Но эта книга была всего лишь забавой. Моей первой действительно впечатляющей работой стал «Портрет Дориана Грея». Это не был дебют, но это было нечто лишь немногим ему уступающее – скандал. Иначе и быть не могло: ведь я хотел ткнуть свое поколение носом в нынешний век как он есть и в то же время создать роман, бросающий вызов условностям и канонам английской прозы. Он вполне мог быть написан по-французски: его очарование заключается в том, что он начисто лишен какого-либо смысла и какой-либо морали в общепринятом понимании. Это диковинная книга, полная огня и того странного веселья, с которым я ее писал. Работал я быстро, без особенной подготовки; и вышло так, что где-то в недрах книги поселился я сам, все мое существо – не знаю только, где именно. Я живу в каждом персонаже, хоть я и далек от понимания того, какие силы ими движут. Когда я писал, мне ясно было одно: книга должна кончиться катастрофой. Мир, который я сотворил, не мог уцелеть – и он рухнул, одряхлевший и опозоренный.
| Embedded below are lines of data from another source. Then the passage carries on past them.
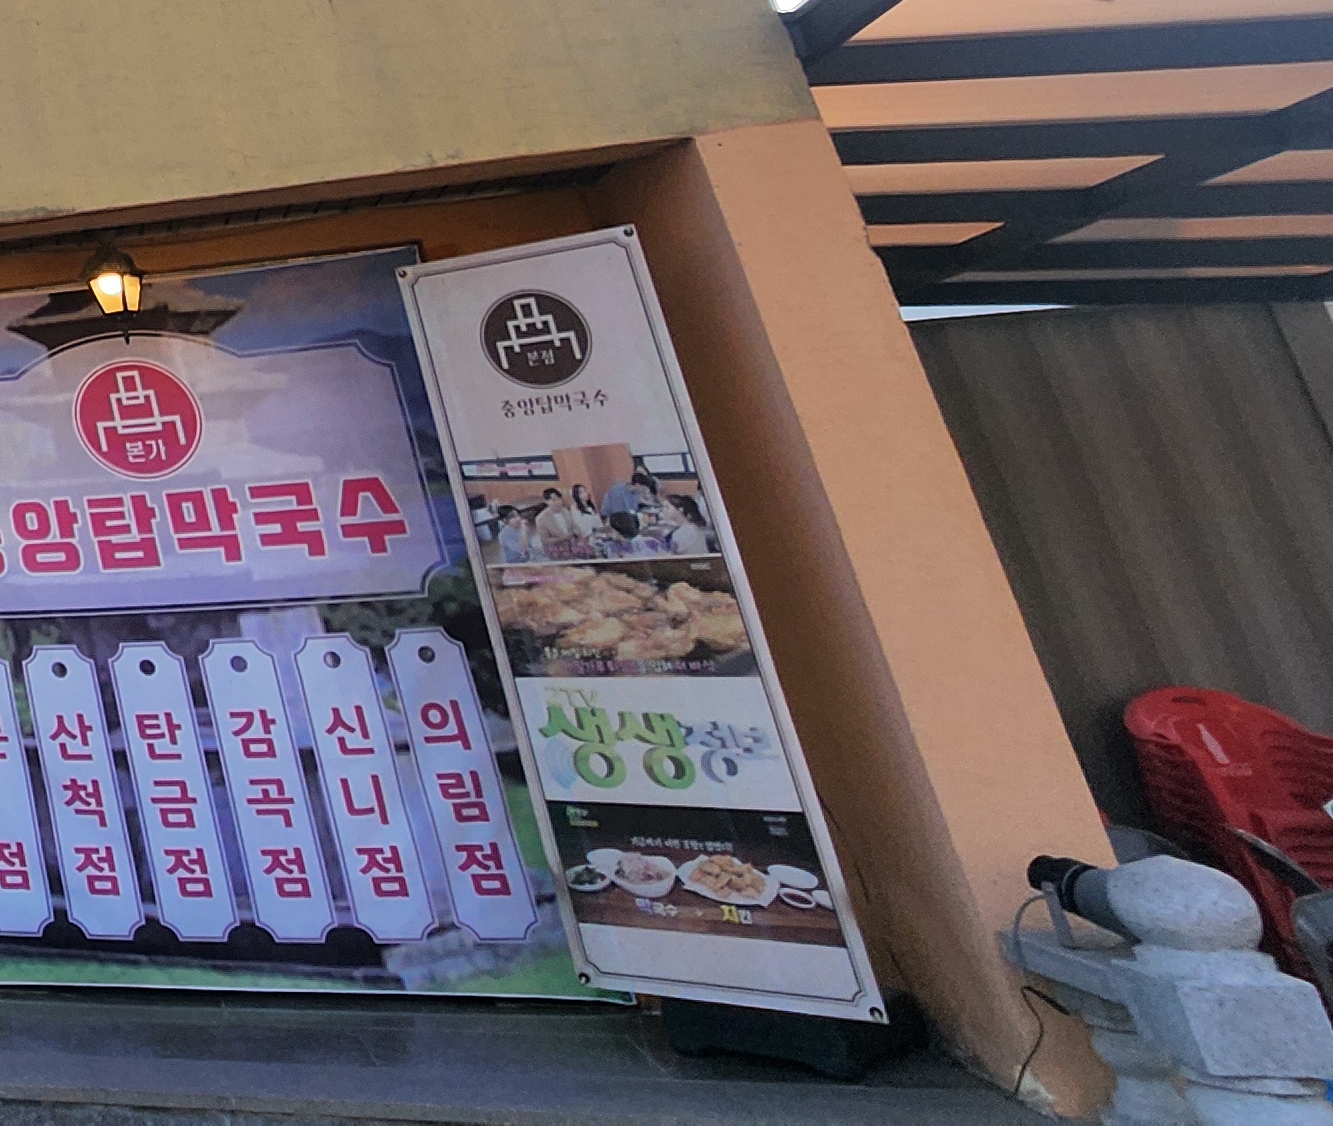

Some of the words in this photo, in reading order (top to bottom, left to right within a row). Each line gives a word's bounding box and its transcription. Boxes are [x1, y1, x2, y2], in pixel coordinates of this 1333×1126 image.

[125, 439, 166, 463] 본가
[500, 389, 609, 418] 중앙탑막국수
[48, 714, 122, 898] 산척점
[135, 712, 214, 899] 탄금점
[232, 709, 313, 899] 감곡점
[325, 705, 410, 899] 신니점
[419, 700, 512, 898] 의림점
Враждебность, с какой был встречен «Дориан Грей», поначалу меня удивила, и, лишь издав несколько первых книг, я понял, что сделал: я бросил обывателям вызов, напав на них по всему фронту. Я высмеял их художественные претензии и социальное ханжество; я показал им лачуги бедняков и дома развращенных богачей, и я раскрыл также все лицемерие и всю спесь, таящиеся в их собственных домах. Это-то и было началом моей катастрофы; именно тогда тюрьма гостеприимно распахнула передо мной двери.